-- What the task asks --
Write out all records as given; omit images.

(Items listed in a dataset)

□ □ □

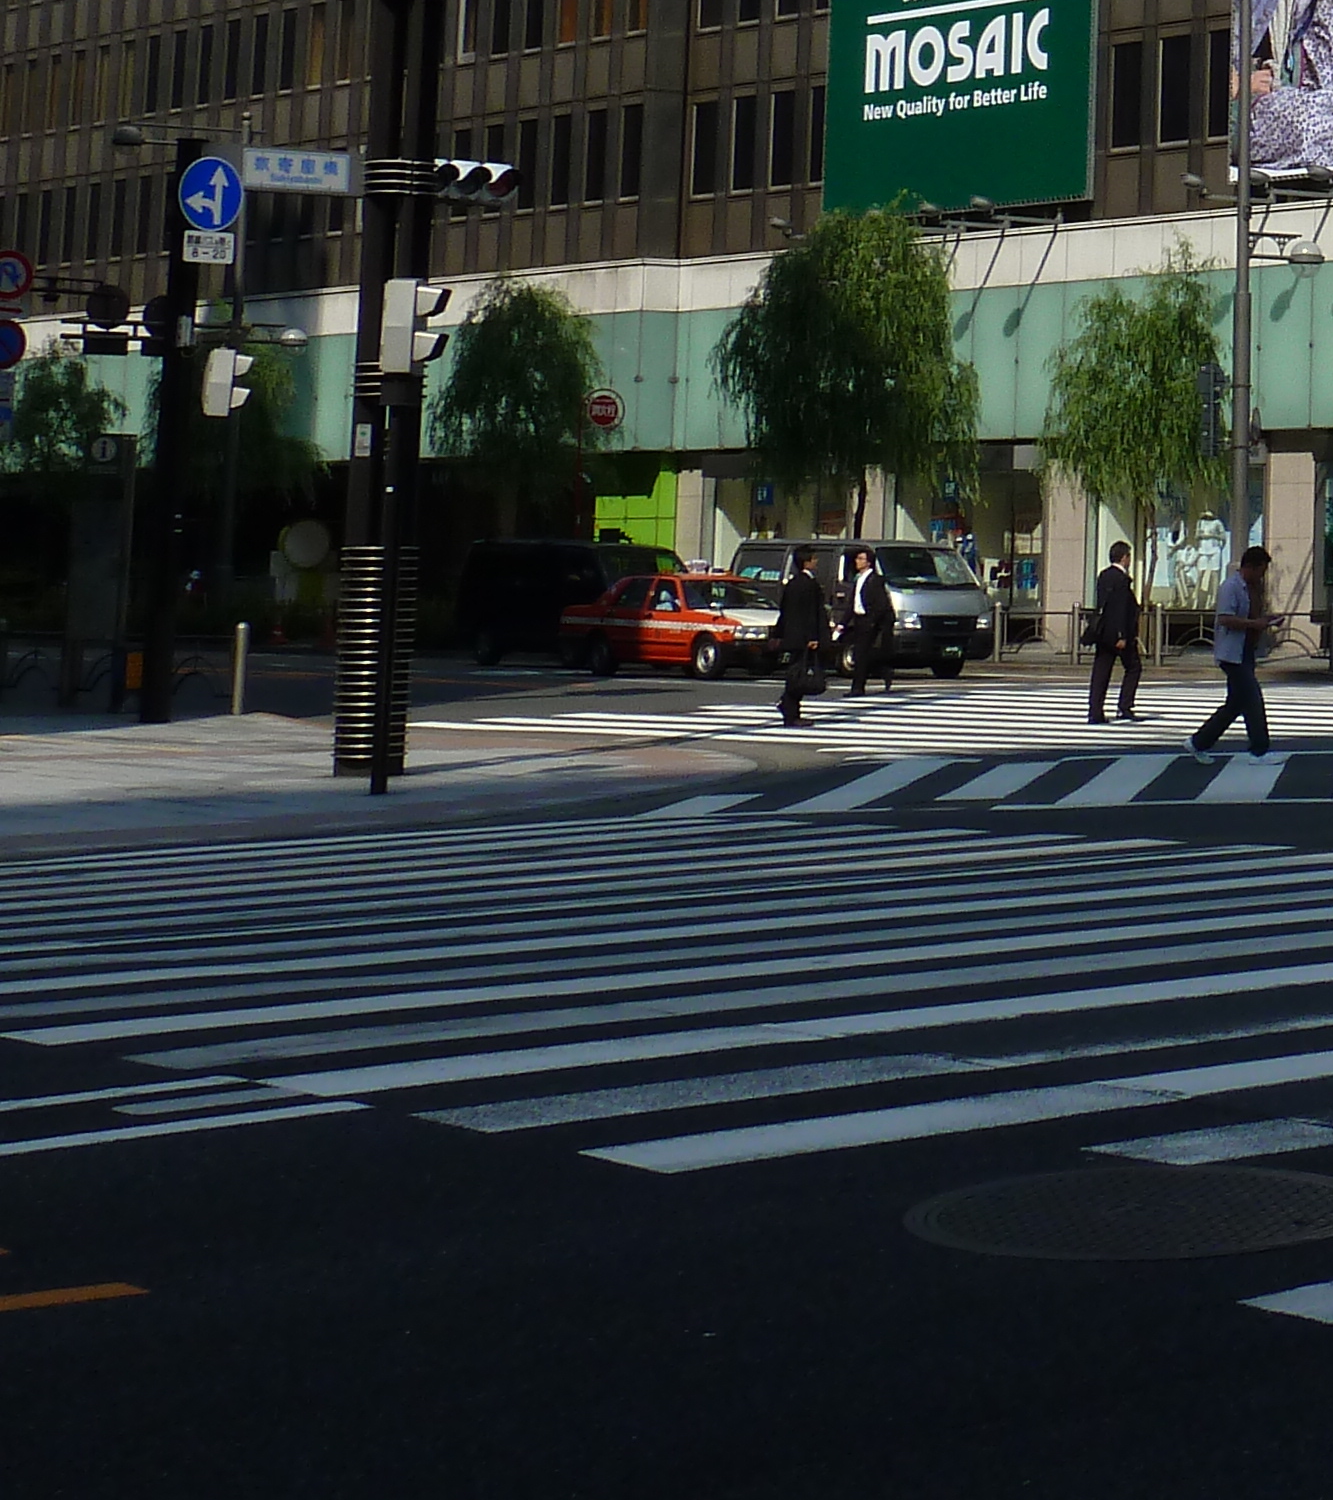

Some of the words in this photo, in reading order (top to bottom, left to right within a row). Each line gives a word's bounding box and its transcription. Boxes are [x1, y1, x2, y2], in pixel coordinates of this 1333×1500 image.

[864, 8, 1050, 94] MOSAIC
[863, 103, 893, 121] New
[896, 96, 946, 119] Quality
[948, 92, 970, 111] for
[973, 87, 1017, 107] Better
[1020, 81, 1047, 101] Life
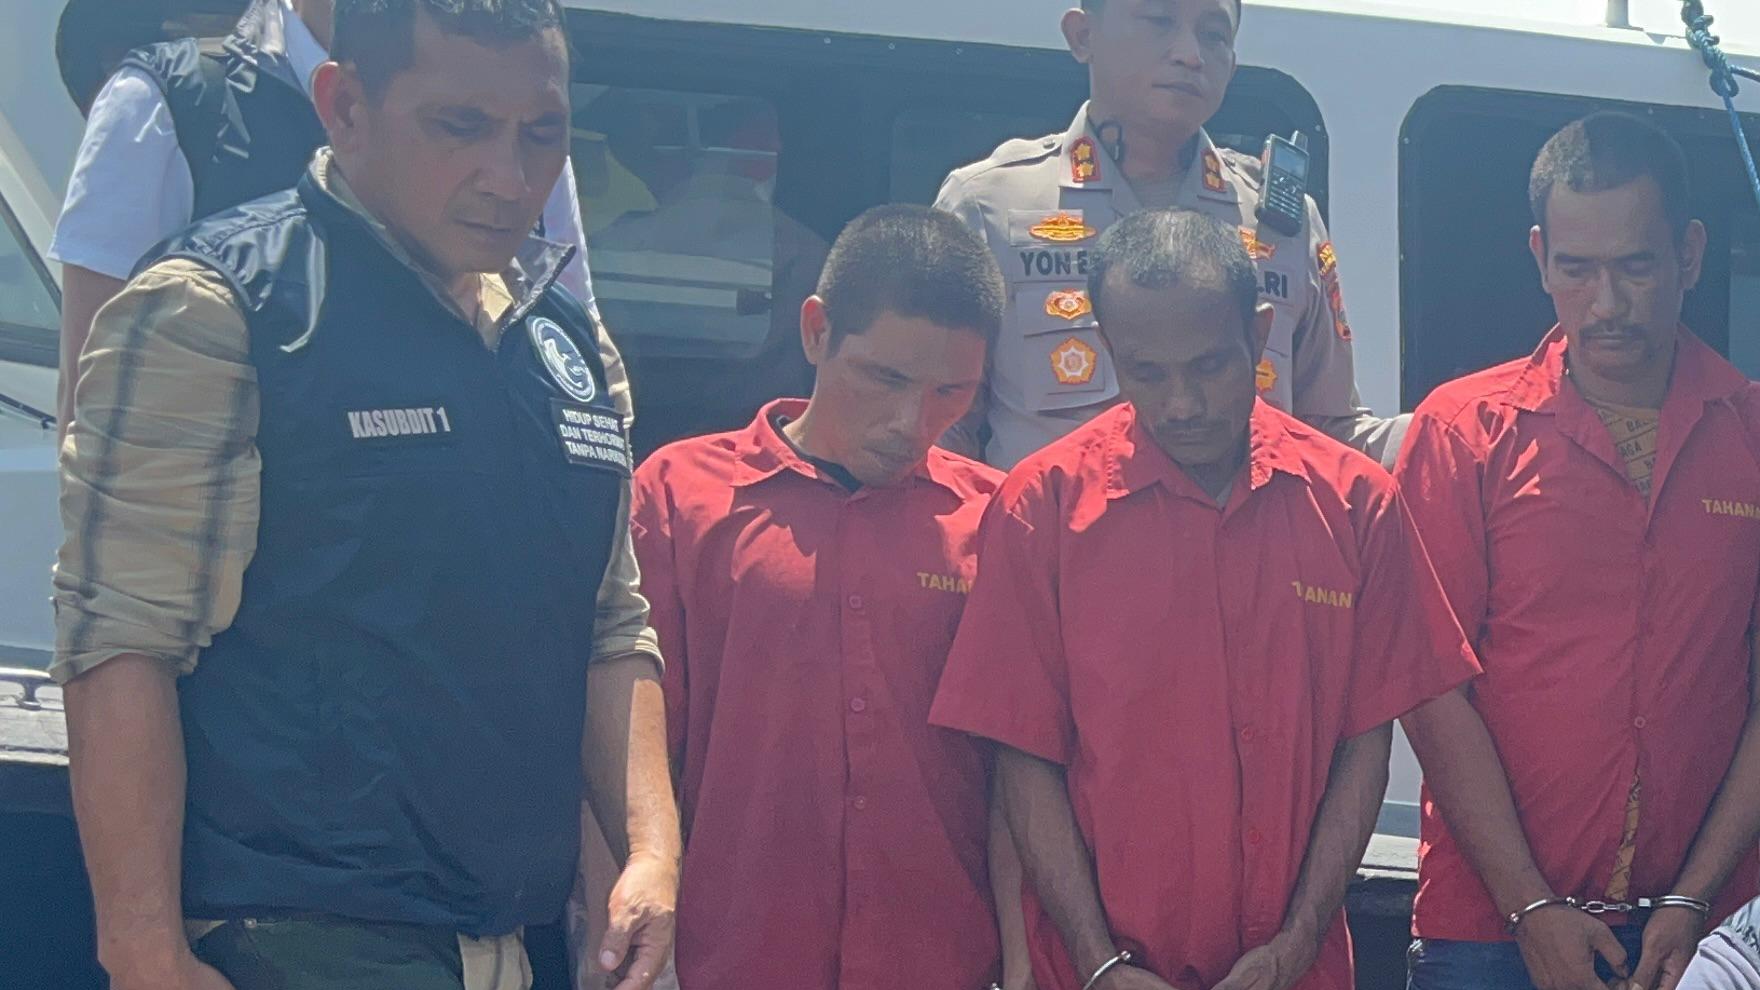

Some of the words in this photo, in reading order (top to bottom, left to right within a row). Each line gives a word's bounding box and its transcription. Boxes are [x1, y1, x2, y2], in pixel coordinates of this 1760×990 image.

[1020, 251, 1072, 276] YON
[347, 408, 436, 438] KASUBDIT
[436, 406, 451, 432] 1
[559, 424, 582, 440] DAN

□ □ □

-- Answer for the task --
Some of the words in this photo, in reading order (top to bottom, left to right within a row). Each line gives a word's bounding box and its transcription. Boxes are [x1, y1, x2, y2], in pixel coordinates of this 1333×1500 image.

[864, 8, 1050, 94] MOSAIC
[863, 103, 893, 121] New
[896, 96, 946, 119] Quality
[948, 92, 970, 111] for
[973, 87, 1017, 107] Better
[1020, 81, 1047, 101] Life

Some of the words in this photo, in reading order (top to bottom, left to right within a row). Each line gives a word's bounding box and its transcription. Boxes are [x1, y1, x2, y2], in pixel coordinates of this 1760×990 image.

[1020, 251, 1072, 276] YON
[347, 408, 436, 438] KASUBDIT
[436, 406, 451, 432] 1
[559, 424, 582, 440] DAN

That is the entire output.